Consequently, language never substitutes communication, but it is a uniquely human type of communication (Szathmary & Szamado, 2008; Language, 1998; Bishop & Philips, 2006). The main function of human communication is to express verbal information for personal, interpersonal, and/or societal use. Human language has own attributes: the ability to talk about different time periods, the relationship between audio and visual form of words, the creative nature, the influence of speaking environment. This helps us differentiate human language and animal communication as parts of the notion of ‘communication’.
When taken together, there is an obvious relationship between ‘language’ and ‘communication’: as it was stated above, language is a type of communication. Animals communicate but don’t use human language; there are parrots that “can” be taught to talk but, in fact, they just simulate sounds they hear without complete understanding.
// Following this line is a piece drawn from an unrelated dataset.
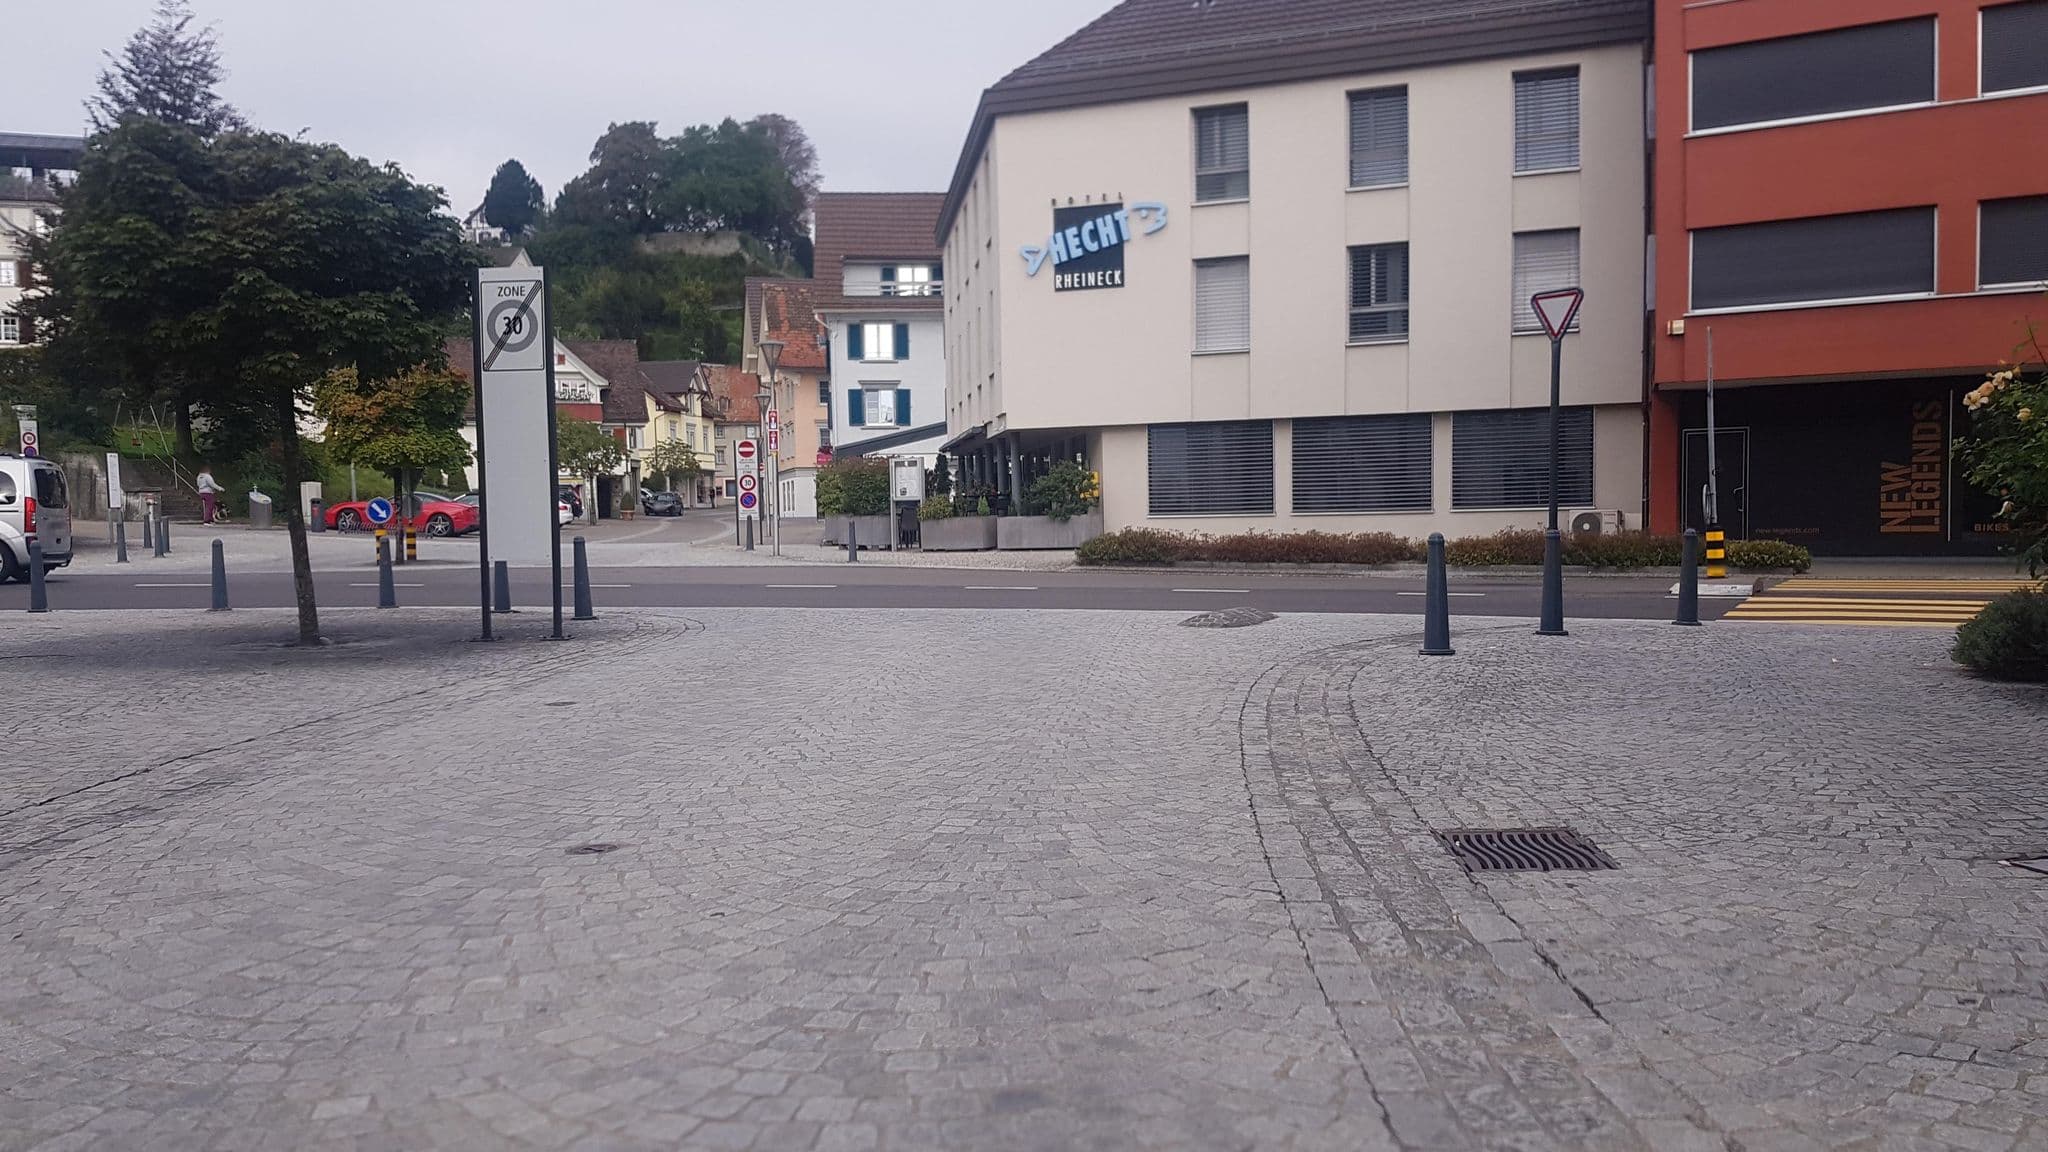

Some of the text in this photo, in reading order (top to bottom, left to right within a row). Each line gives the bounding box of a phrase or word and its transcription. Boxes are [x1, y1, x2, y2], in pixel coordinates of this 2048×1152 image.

Another thing happens when we communicate with our pets: a dog doesn’t speak any language but a human and a dog can send and receive messages like dog’s body posture and human’s intonation. 
In conclusion, it is important to state that it is difficult to compare ‘communication’ and ‘language’ because they have another type of relationship when one is a part of another. This essay demonstrates their main features and the way they relate to each other.

References:
Bishop, R. & Philips, J. (2006). Language. Theory, Culture and Society, 23 (2-3), 51-69.
Language. (1993). In Bloomsbury guide to human thought. London, United Kingdom: Bloomsbury. Retrieved from http://literati.credoreference.com/content/entry/bght/language/0
Raegan, T. (2015). Lecture 1: Introduction to linguistics [Power Point Slides]. Retrieved from https://docs.google.com/a/nu.edu.kz/file/d/0B3-4X-GG-TLrN2lPcDJEcWZRSms/edit
Szathmary, E. & Szamado, S. (2008). Being human: Language: A social history of words. Retrieved from http://www.nature.com/nature/journal/v456/n7218/full/456040a.html

2 comments:

  1. Thank you for your informative post. From my perspective, though closely interrelated, the linguistic concepts of communication and language are different. The main difference between them is that communication is a process of sending and receiving information, while language represents words. It is the construction of words in a meaningful combination; knowledge of how to use words and combine them into sentences. Furthermore, communication is a much broader concept than language as the latter is considered a unique human property, while communication refers to other living species as well.

    ReplyDelete
    Replies
    1. Arna, thank you for your comment!
      Interestingly, it is rather difficult to differentiate these terms not refering to each other because they are so closely connected.

      I am really glad of being understood. I think Professor Raegan will also be pleased to see the way we discuss linguistic terminology!